Study Shows a Savings in deductible:
Considering the trend in rising health care costs, the research team assessed the impact of a walking program on health care costs for people with diabetes. The research team examined step count data for 7,594 Blue Cross Blue Care Network (BCN) enrollees who participated in a walking program (Walkingspree) in 2010. Participants were eligible to join Walkingspree if their BMI was in the obese category. Individuals could potentially save an estimated 20% of their out-of-pocket expenses by uploading their step counts at least once every 30 days to the Walkingspree website and averaging at least 5,000 daily steps every three months. If they did not meet this requirement, they could not stay in the program and their deductible would increase to $5000. The researchers were able to compare the change in total annual health care costs for the year before and after starting the program.

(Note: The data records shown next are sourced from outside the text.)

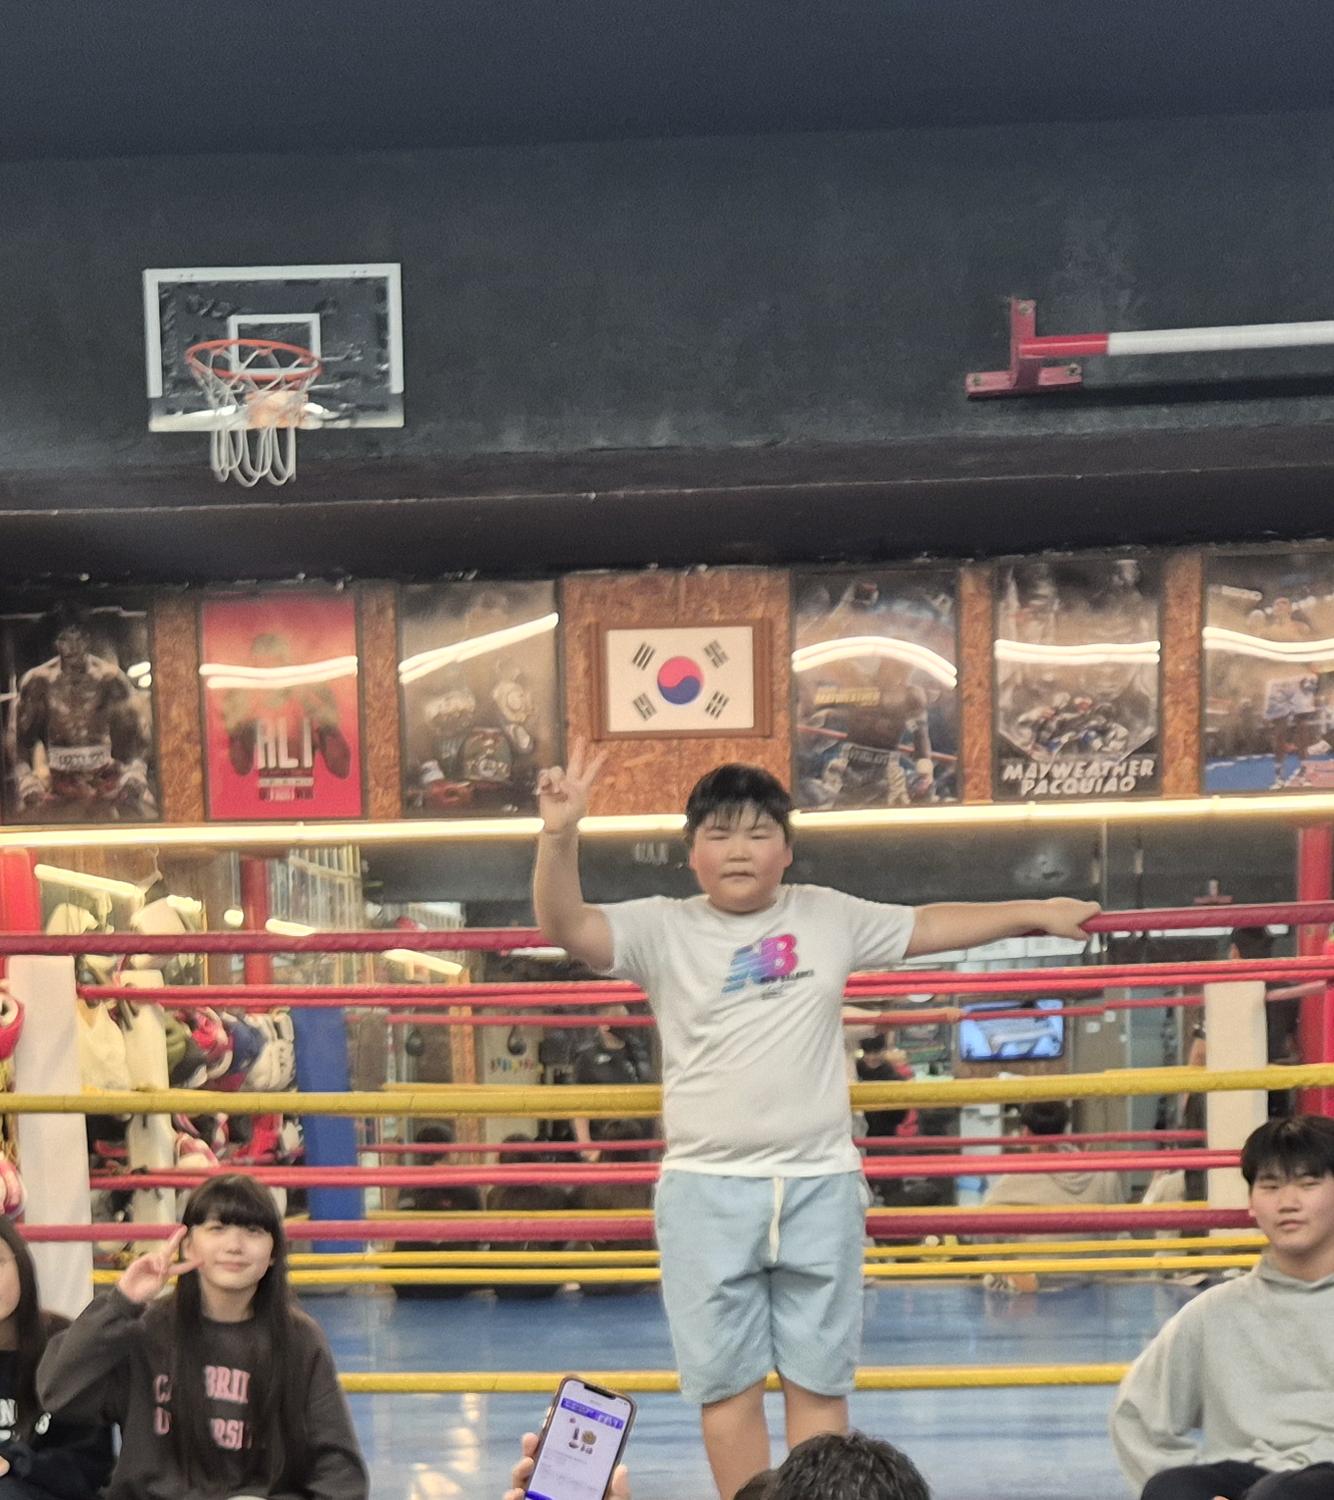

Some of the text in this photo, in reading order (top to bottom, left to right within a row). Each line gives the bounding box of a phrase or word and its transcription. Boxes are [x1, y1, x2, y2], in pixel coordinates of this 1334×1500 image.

[257, 718, 314, 769] ALI
[1002, 758, 1155, 781] MAYWEATHER
[1020, 776, 1137, 796] PACQUIAO
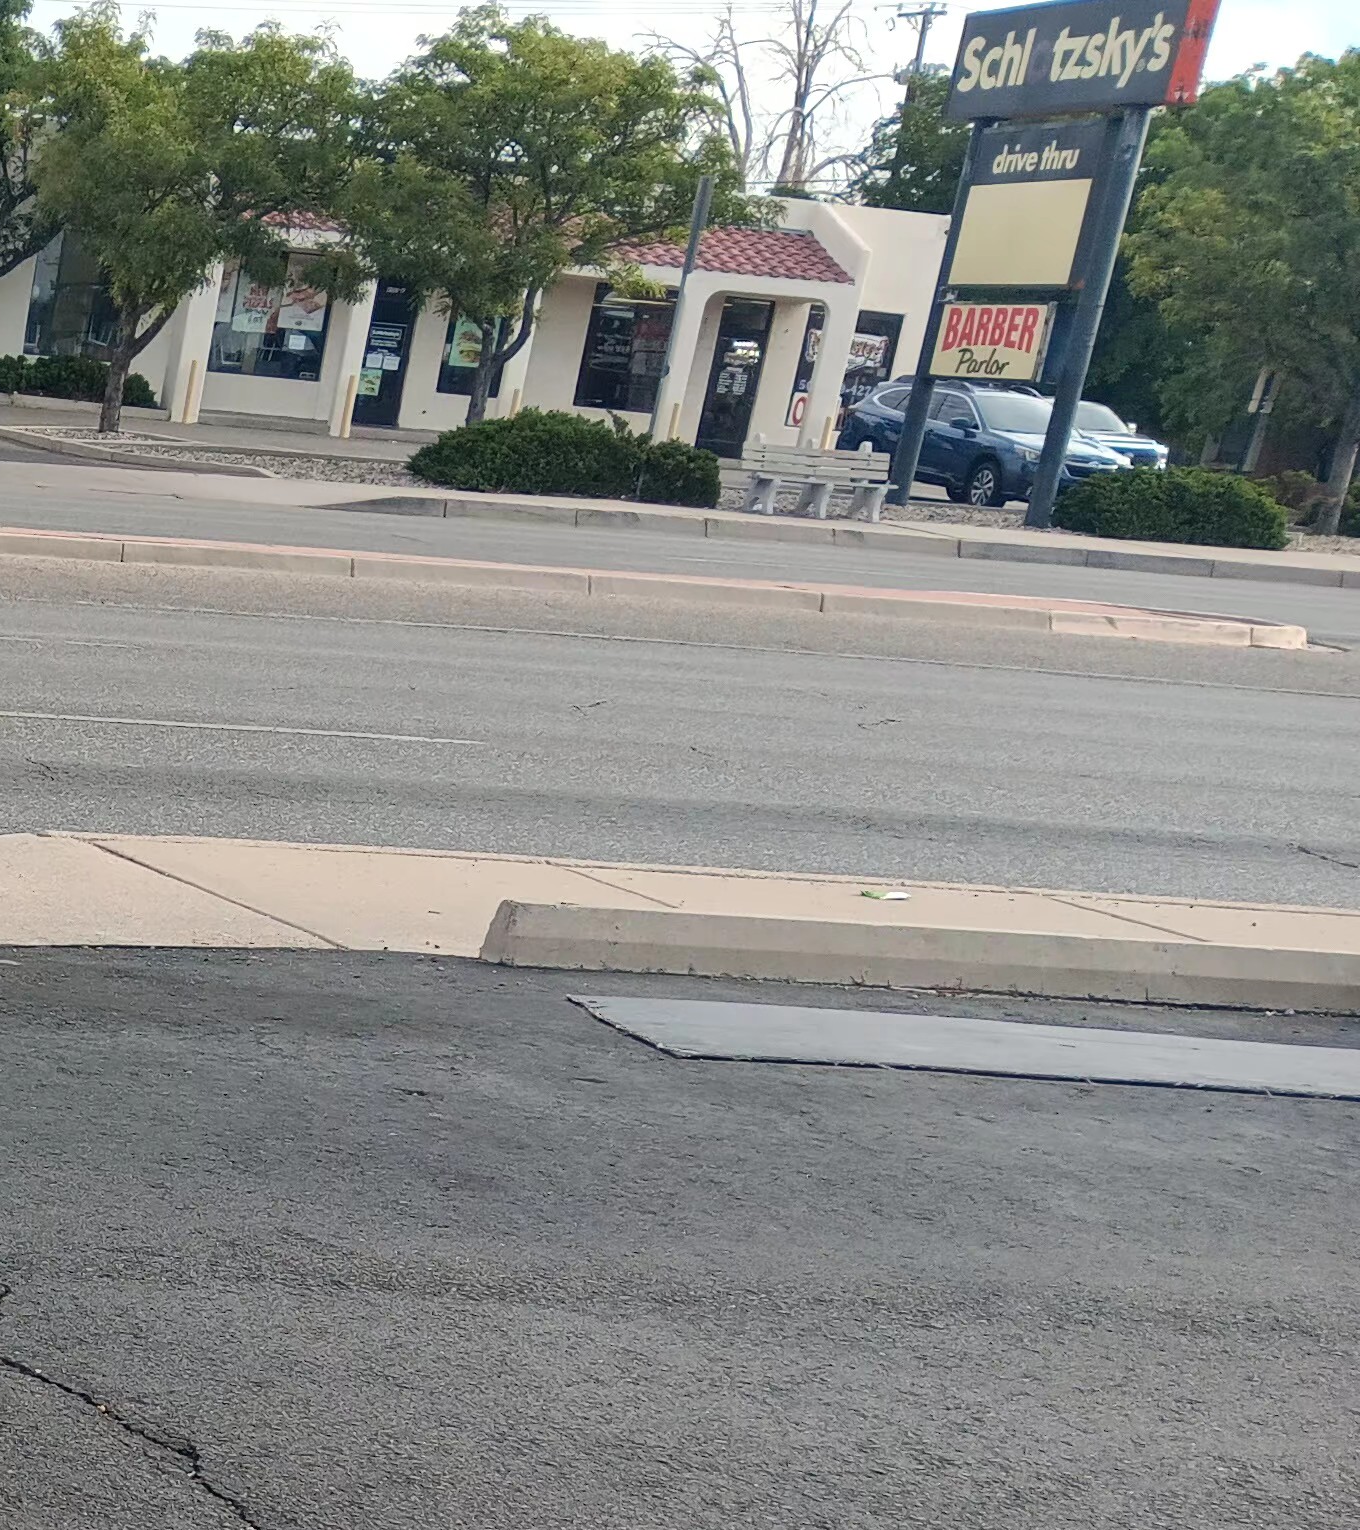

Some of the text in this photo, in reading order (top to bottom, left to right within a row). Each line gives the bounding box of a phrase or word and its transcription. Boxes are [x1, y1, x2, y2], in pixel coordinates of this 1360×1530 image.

[957, 12, 1175, 92] Schltzsky's
[992, 140, 1080, 174] drive thru
[941, 307, 1040, 354] BARBER
[955, 348, 1010, 375] Parlor

Key research findings included:
Every additional 100 daily steps taken by participants was related to an average individual savings of $9.07.
On average, individuals without diabetes experienced greater total cost reductions compared to those with diabetes or diabetes with complications.

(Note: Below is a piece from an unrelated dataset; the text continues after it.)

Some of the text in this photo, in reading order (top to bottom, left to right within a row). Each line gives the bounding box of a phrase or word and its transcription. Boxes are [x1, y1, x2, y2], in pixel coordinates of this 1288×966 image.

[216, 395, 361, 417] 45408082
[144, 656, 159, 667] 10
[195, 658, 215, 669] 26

Among individuals who averaged at least 5,000 daily steps, the average expected a total change in annual health care costs was $872.67 for people with diabetes and $2491.88 for people with diabetes with complications. Although there is an expected increase in health care costs for the average person with diabetes, this increase is relatively smaller for those who averaged more daily steps.

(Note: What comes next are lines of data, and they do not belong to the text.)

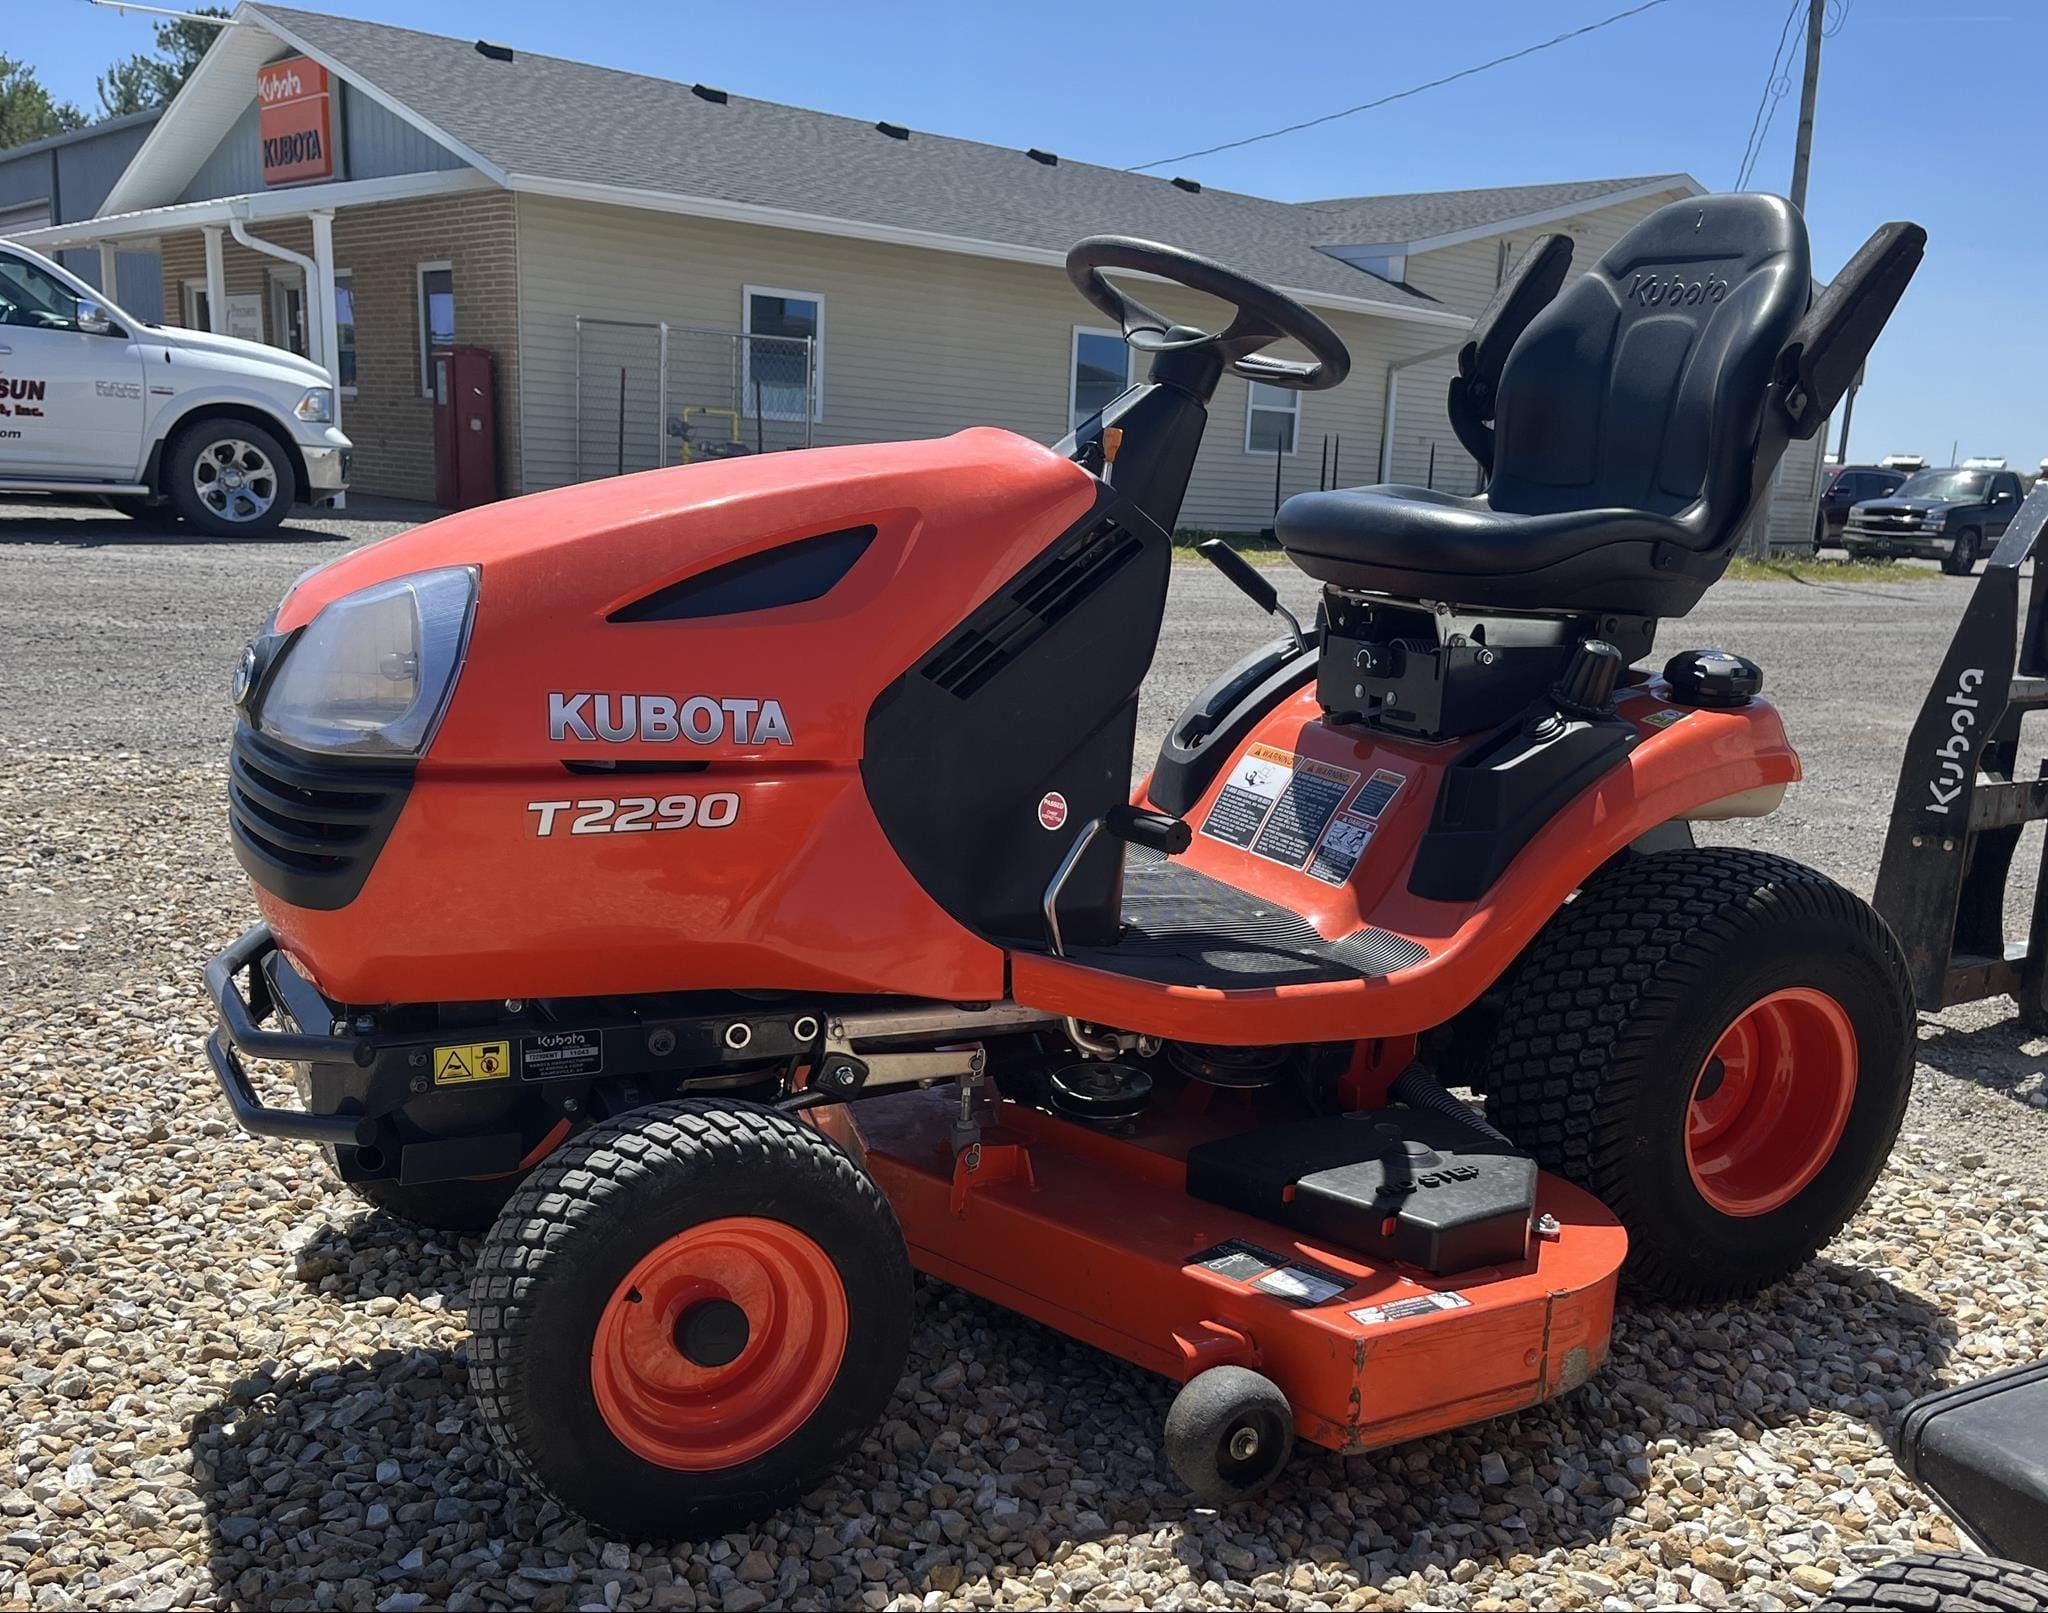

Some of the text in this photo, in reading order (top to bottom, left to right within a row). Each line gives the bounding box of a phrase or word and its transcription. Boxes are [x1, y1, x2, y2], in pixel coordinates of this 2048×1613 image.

[258, 70, 302, 102] Kubota
[264, 130, 322, 168] KUBOTA
[1628, 273, 1728, 307] Kubota
[15, 404, 44, 417] Inc.
[549, 692, 793, 746] KUBOTA
[1262, 749, 1293, 765] WARNING
[1926, 668, 1985, 814] Kubota
[526, 791, 741, 837] T2290
[538, 1033, 585, 1047] Kubota

Even though people with diabetes have greater health care costs, increasing daily steps may help slow the rate of costs increases over time.
So, now that the study has been completed, just what excuse do you have for NOT taking part in a walking program? Face it. This is a Win-Win program for not only you but also your family and friends, who want you to be around and living a good healthy lifestyle for as long as possible.
The first thing you need to get yourself motivated is a walking/distance goal. If your first starting out, don’t go crazy. Start walking for 15-20 minutes at a consistent pace, with which you can carry on a conversation. The key is consistency. You may want to start off, walking 2-3 times a week. In that time-frame, after you have done it for a week or so. Increase the duration of your walk by another 10 minutes. Try building up your walking time to 30 minutes at a time then expand to 45 and then to 60. Studies show that walking 150 minutes per week can significantly help you improve your body’s functions of turning that glucose into usable energy, thus lowering your A1C by default.
The second thing you need and the third are a good pair of walking shoes, ones that provide good arches and support as you trudge along your path to a healthier you. See your local shoe store, if you don’t have one, go to an athletic store, one that specializes in not only sports but fitness and has the knowledge you need to be fitted out properly with the right pair of shoes.
The third is a good accurate pedometer. We can help you there since we carry a full line of the best pedometers on the market. Just click this link and select the one that you think is right for you. One thing to keep in mind, since this is a serious endeavor for you, choose a pedometer that not only tracks your steps, but a multi-function pedometer that provides, steps, distance and calories burned. As you progress, you can think about getting a higher end activity monitor that can provide all the necessary data with which you can use to set newer and higher goals that you can accomplish.
The key is to get moving, get active, get healthy. And by doing so, you just might be able to keep a little green paper, there in your wallet.